Include jQuery library, you can use cdn from https://jquery.com/download/
or use jsDelivr:
<script src="https://cdn.jsdelivr.net/npm/jquery"></script>
Then include js/jquery.terminal-2.43.1.min.js and css/jquery.terminal-2.43.1.min.css
You can grab the files from CDN:
<script src="https://cdnjs.cloudflare.com/ajax/libs/jquery.terminal/2.43.1/js/jquery.terminal.min.js"></script>
<link href="https://cdnjs.cloudflare.com/ajax/libs/jquery.terminal/2.43.1/css/jquery.terminal.min.css" rel="stylesheet"/>
or
<script src="https://cdn.jsdelivr.net/npm/jquery.terminal@2.43.1/js/jquery.terminal.min.js"></script>
<link rel="stylesheet" href="https://cdn.jsdelivr.net/npm/jquery.terminal@2.43.1/css/jquery.terminal.min.css"/>
If you always want latest version, you can get it from unpkg without specifying version, it will redirect to the latest ones:
<script src="https://unpkg.com/jquery.terminal/js/jquery.terminal.min.js"></script>
<link href="https://unpkg.com/jquery.terminal/css/jquery.terminal.min.css" rel="stylesheet"/>
or jsDelivr that is bit faster:
<script src="https://cdn.jsdelivr.net/npm/jquery.terminal/js/jquery.terminal.min.js"></script>
<link href="https://cdn.jsdelivr.net/npm/jquery.terminal/css/jquery.terminal.min.css" rel="stylesheet"/>
If you want to test bleeding edge, development version of jQuery Terminal. You can use those files:
<script src="https://cdn.jsdelivr.net/gh/jcubic/jquery.terminal@devel/js/jquery.terminal.min.js"></script>
<link href="https://cdn.jsdelivr.net/gh/jcubic/jquery.terminal@devel/css/jquery.terminal.min.css" rel="stylesheet"/>
but it's not refreshed as fast as rawgit was, because it's CDN and need to be propagated to different servers.
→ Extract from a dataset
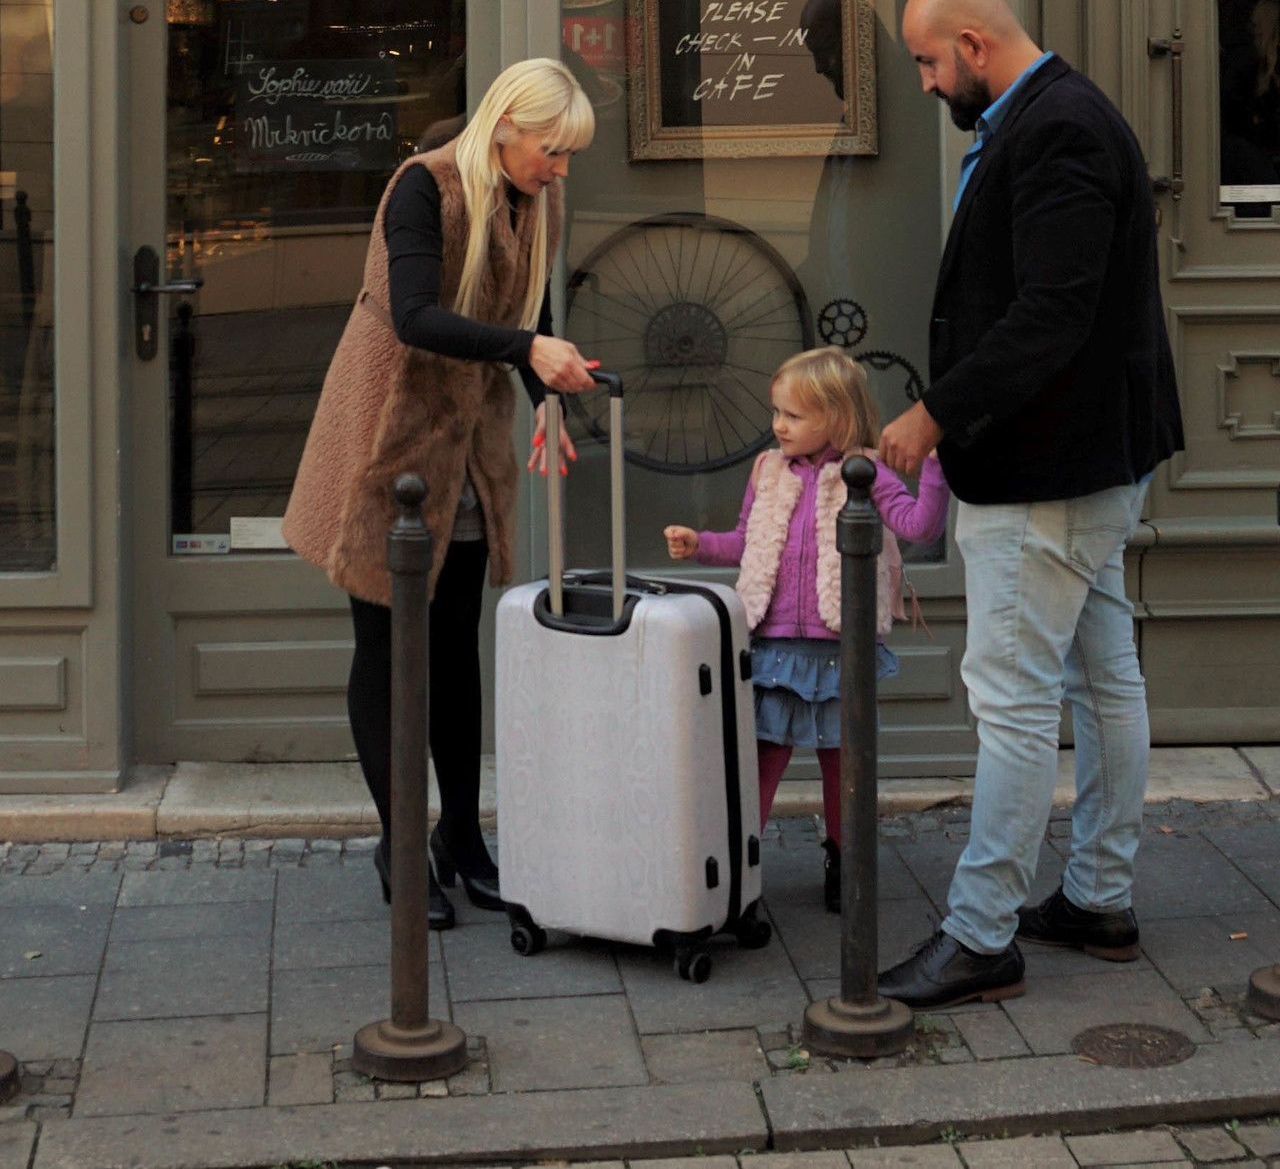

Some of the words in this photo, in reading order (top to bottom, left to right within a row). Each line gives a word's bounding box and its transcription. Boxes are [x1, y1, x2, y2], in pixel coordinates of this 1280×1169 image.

[701, 1, 788, 24] PLEASE
[726, 52, 756, 75] IN
[693, 73, 785, 101] CAFE
NOTE: From version 1.0.0 if you want to support old browsers then you'll need to use key event property polyfill. You can check the support for it on can I use.
<script src="https://unpkg.com/js-polyfills/keyboard.js"></script>
or
<script src="https://cdn.jsdelivr.net/npm/js-polyfills/keyboard.js"></script>
You can also install jQuery Terminal using command line, from bower repository:
bower install jquery.terminal
or npm registry:
npm install jquery.terminal
This is code that uses low level function, that gives you full control of the commands, just pass anything that the user types into a function.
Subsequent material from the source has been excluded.